A lackluster farm economy has burdened Mosaic Co. for the past couple of years, but company officials said Tuesday that they see room for optimism in 2017.
The global fertilizer company based in Plymouth reported third-quarter 2016 net earnings of $39 million, down from $160 million in the third quarter of 2015.
President and Chief Executive Joc O’Rourke said global inventories have been drawn down, leading to more stable pricing. “Both potash and phosphate prices strengthened in the quarter as pent-up demand materialized,” he said. Those minerals are mined and processed into crop nutrients.
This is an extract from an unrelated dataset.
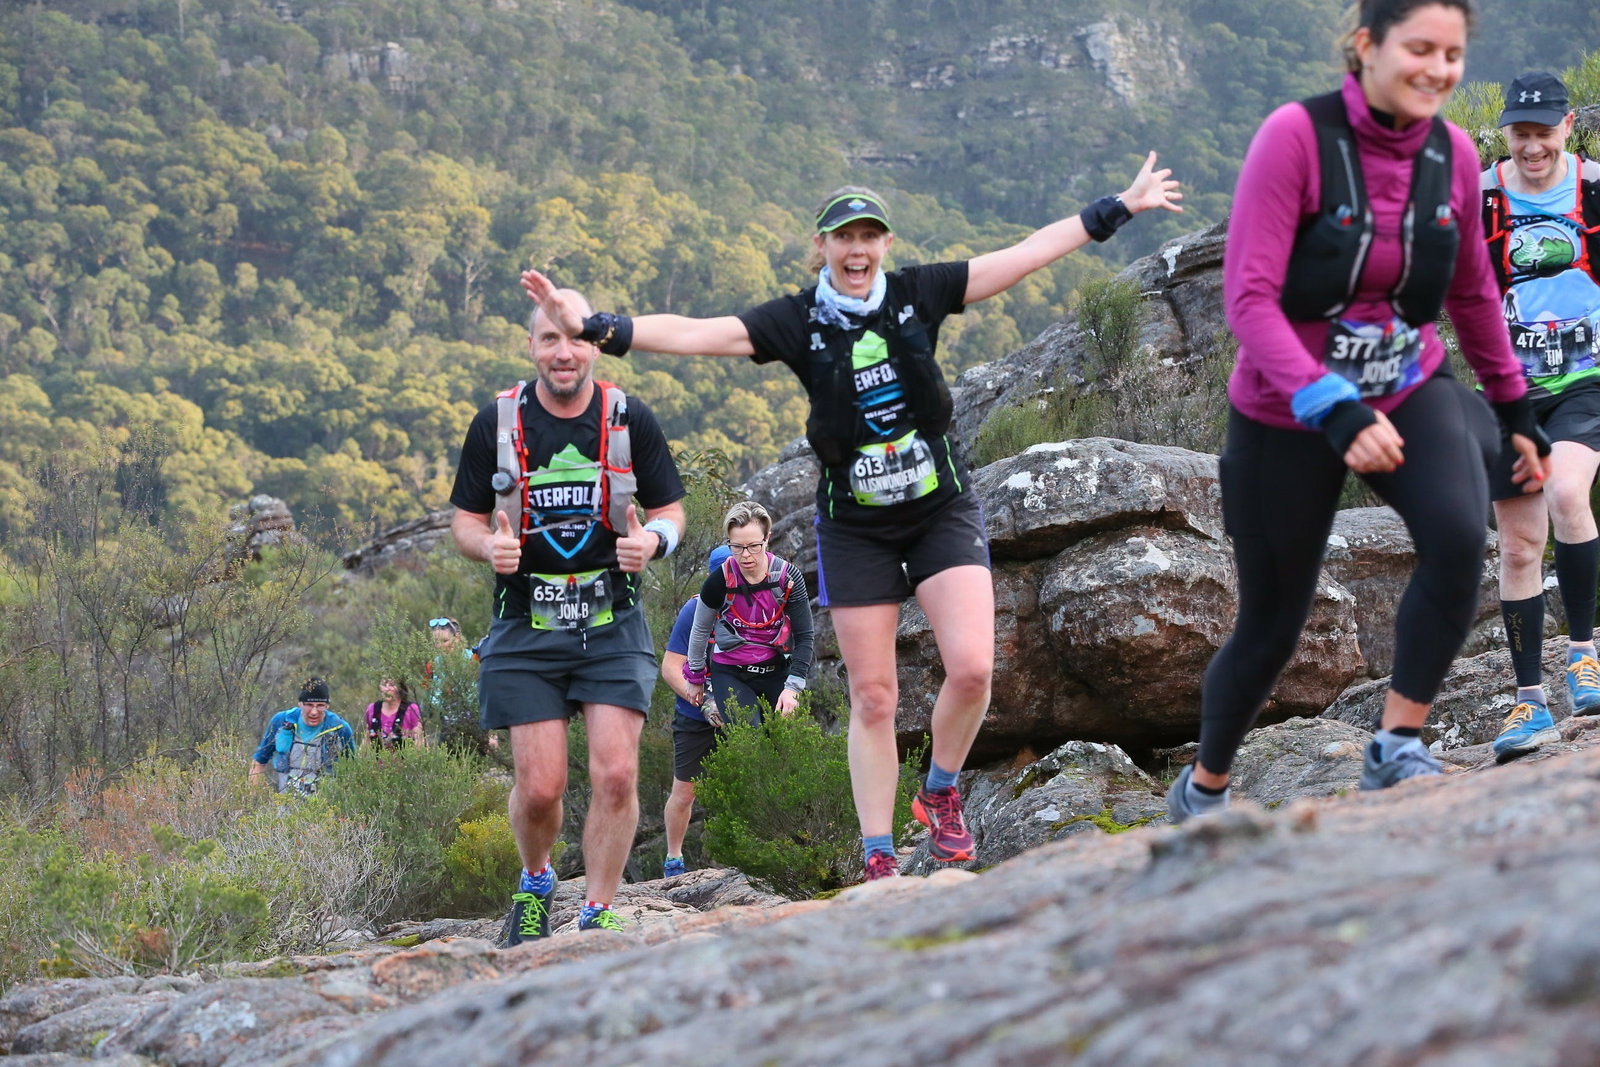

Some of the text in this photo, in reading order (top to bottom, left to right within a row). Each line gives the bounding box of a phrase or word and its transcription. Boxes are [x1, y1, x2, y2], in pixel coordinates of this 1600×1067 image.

[1331, 334, 1378, 361] 377
[1516, 332, 1546, 348] 472
[854, 456, 885, 478] 613
[533, 585, 566, 602] 652
O’Rourke said that “fertilizer fundamentals are improving, albeit slowly,” and warned that the current quarter will exhibit a “normal seasonal slowdown.” But he expects the market to pick up considerably next year.
Third-quarter earnings per diluted share were 11 cents — 1 cent higher than analysts expected — compared with 45 cents per share a year earlier.
Mosaic’s net sales in the third quarter of 2016 were $2 billion, down from $2.1 billion during the same period last year. Operating earnings during the quarter were $70 million, down from $246 million a year ago. Officials said the lower earnings were driven primarily by lower potash prices and lower phosphate margins, and were offset partly by higher sales volumes and positive impacts of company cost savings.
For example, the average price of $160 per ton of potash in the third quarter compared with $265 per ton a year ago. But the company sold 2.2 million tons in this year’s third quarter compared with 1.6 million tons in third quarter 2015. Excessive supplies, weak currencies and low commodity prices have all kept fertilizer prices in the basement in recent months.
Mosaic announced two weeks ago that shareholders would receive a quarterly dividend of 27.5 cents per share on Dec. 15, but the company said there are no assurances that its board will declare future dividends.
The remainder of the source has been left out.